Records contained in a dataset —
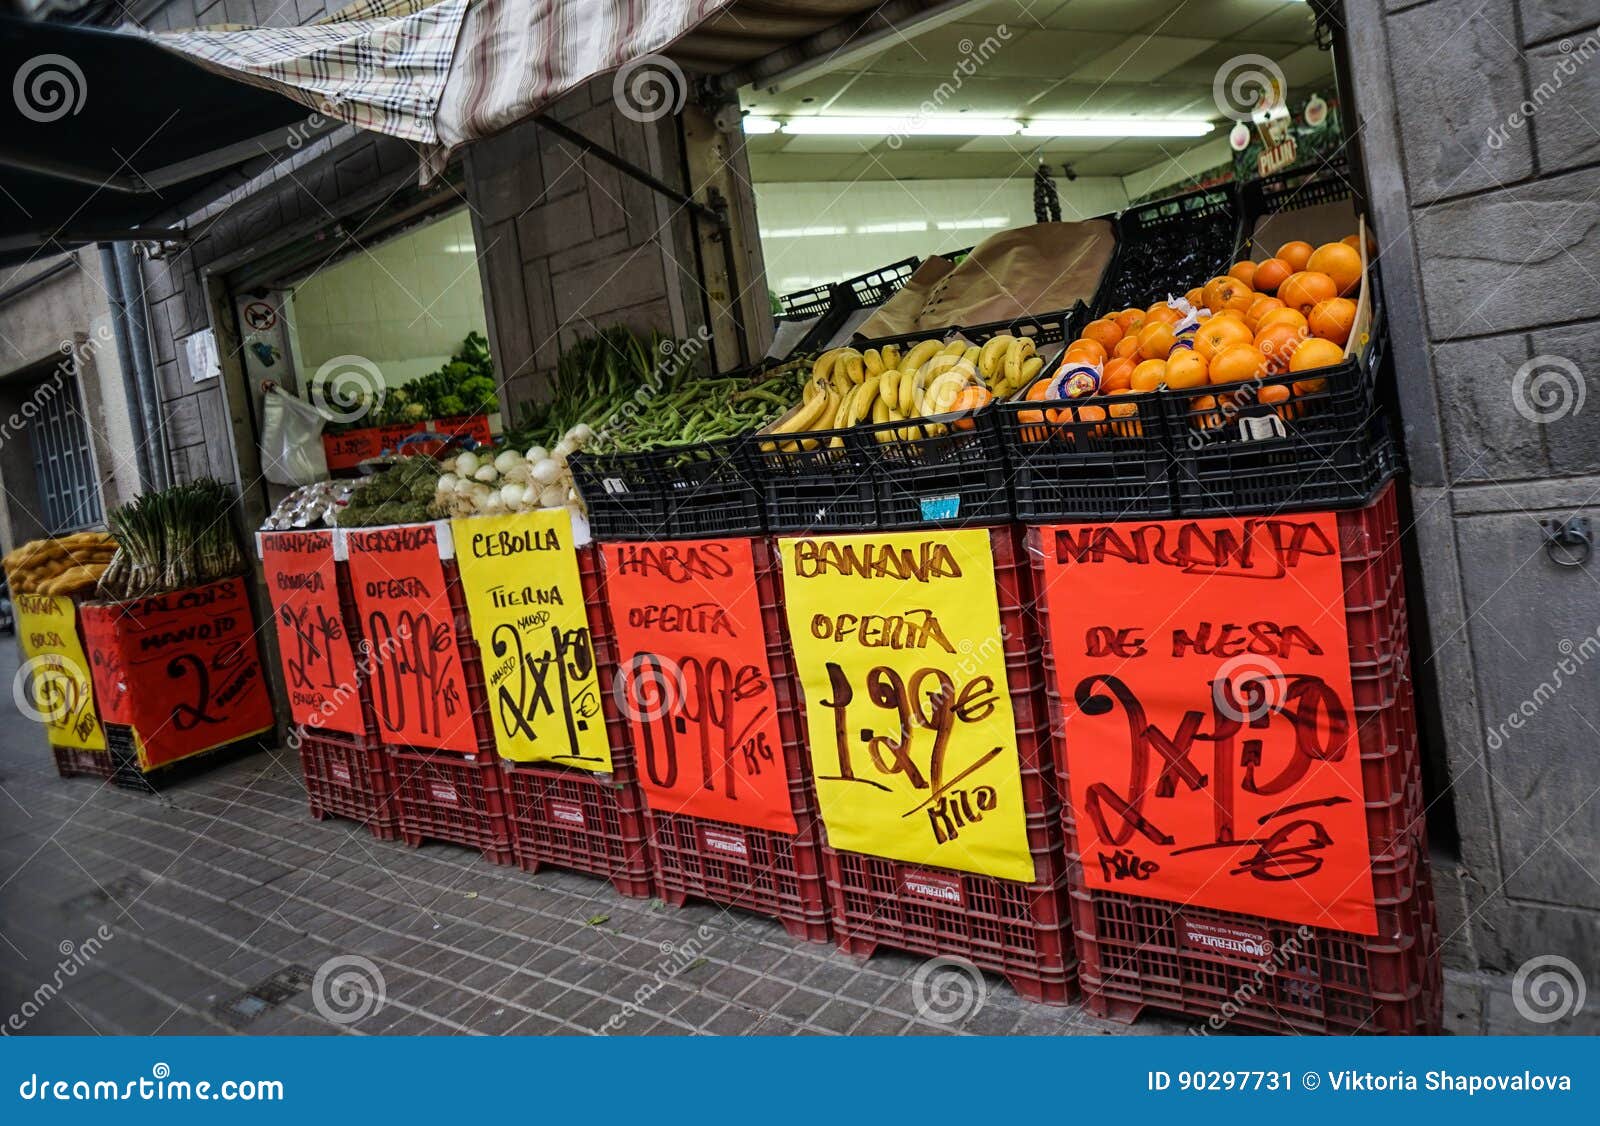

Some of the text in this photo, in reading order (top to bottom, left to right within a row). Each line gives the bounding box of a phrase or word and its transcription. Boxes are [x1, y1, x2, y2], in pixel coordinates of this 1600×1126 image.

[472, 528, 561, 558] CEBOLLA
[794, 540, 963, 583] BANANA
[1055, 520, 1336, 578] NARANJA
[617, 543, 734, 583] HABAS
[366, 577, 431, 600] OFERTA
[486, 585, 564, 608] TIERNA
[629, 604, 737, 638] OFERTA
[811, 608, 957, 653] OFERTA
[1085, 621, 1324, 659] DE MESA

Task statement — Write all the entries again word for word, minus the pictures.

Expected answer —
Some of the text in this photo, in reading order (top to bottom, left to right within a row). Each line gives the bounding box of a phrase or word and its transcription. Boxes are [x1, y1, x2, y2], in pixel coordinates of this 1600×1126 image.

[472, 528, 561, 558] CEBOLLA
[794, 540, 963, 583] BANANA
[1055, 520, 1336, 578] NARANJA
[617, 543, 734, 583] HABAS
[366, 577, 431, 600] OFERTA
[486, 585, 564, 608] TIERNA
[629, 604, 737, 638] OFERTA
[811, 608, 957, 653] OFERTA
[1085, 621, 1324, 659] DE MESA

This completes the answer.